*What you need to do*. The output must match the entries below exactly, with pictures removed.

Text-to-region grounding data

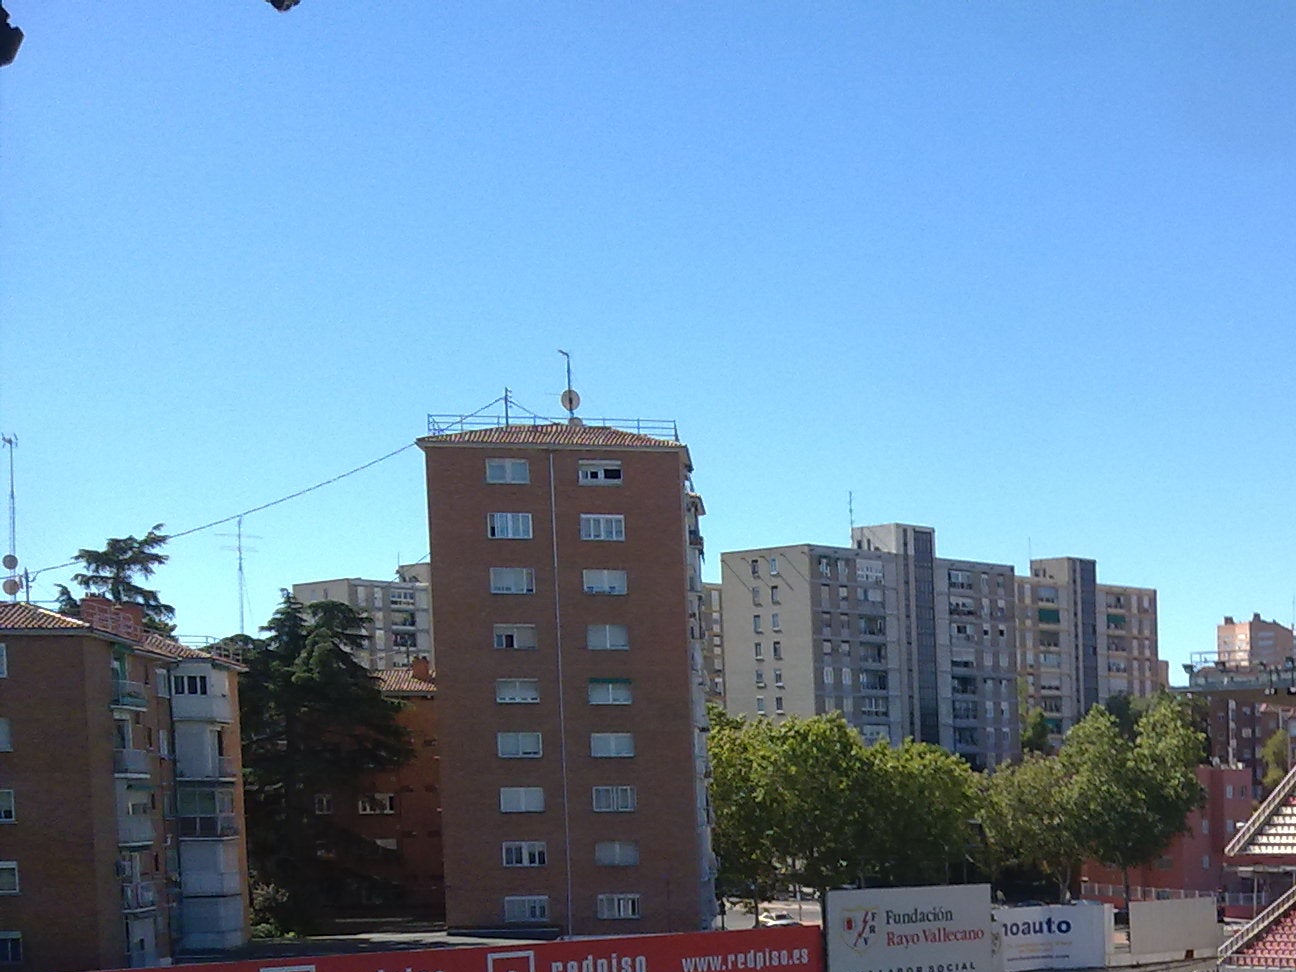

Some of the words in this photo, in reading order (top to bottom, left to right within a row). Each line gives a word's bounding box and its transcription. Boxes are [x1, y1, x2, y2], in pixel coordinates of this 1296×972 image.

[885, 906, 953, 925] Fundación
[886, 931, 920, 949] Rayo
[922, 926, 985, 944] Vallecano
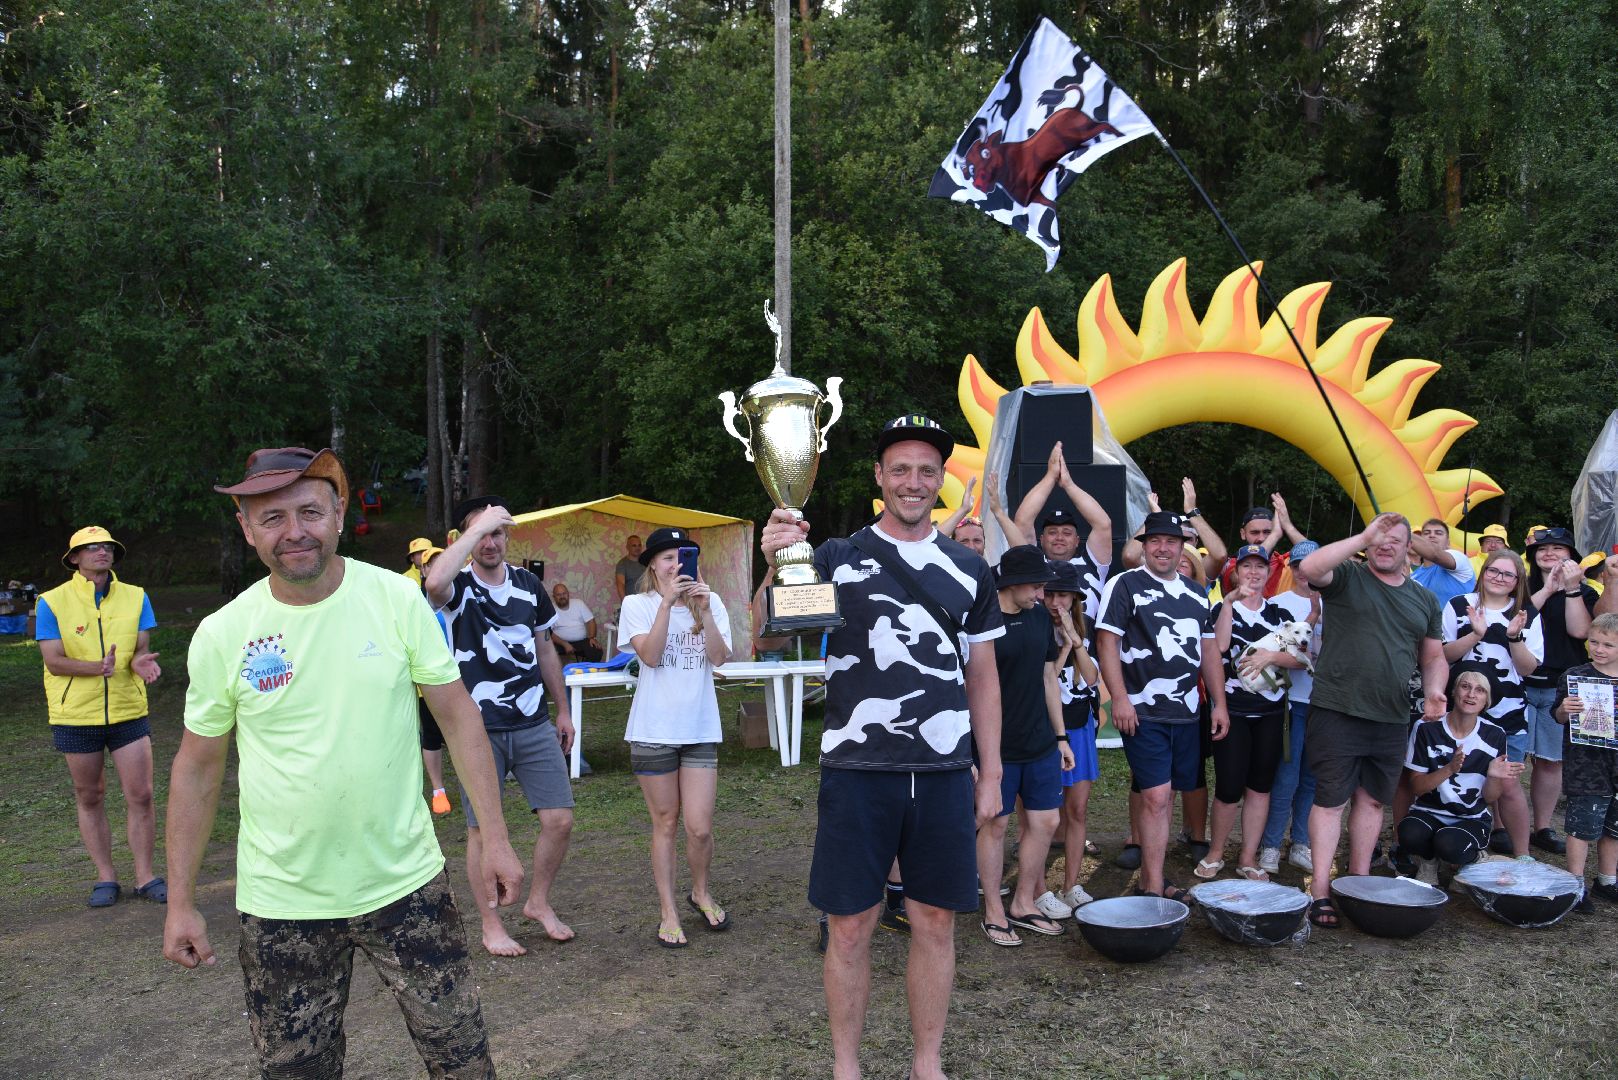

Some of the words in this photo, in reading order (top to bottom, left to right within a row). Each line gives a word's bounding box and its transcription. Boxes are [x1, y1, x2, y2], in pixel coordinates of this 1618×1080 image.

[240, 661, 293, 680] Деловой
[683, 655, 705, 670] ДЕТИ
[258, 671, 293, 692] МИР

*Expected output*.
Some of the words in this photo, in reading order (top to bottom, left to right within a row). Each line gives a word's bounding box and its transcription. Boxes are [x1, y1, x2, y2], in pixel coordinates of this 1296×972 image.

[885, 906, 953, 925] Fundación
[886, 931, 920, 949] Rayo
[922, 926, 985, 944] Vallecano

Some of the words in this photo, in reading order (top to bottom, left to right within a row). Each line gives a word's bounding box and its transcription. Boxes are [x1, y1, x2, y2], in pixel coordinates of this 1618×1080 image.

[240, 661, 293, 680] Деловой
[683, 655, 705, 670] ДЕТИ
[258, 671, 293, 692] МИР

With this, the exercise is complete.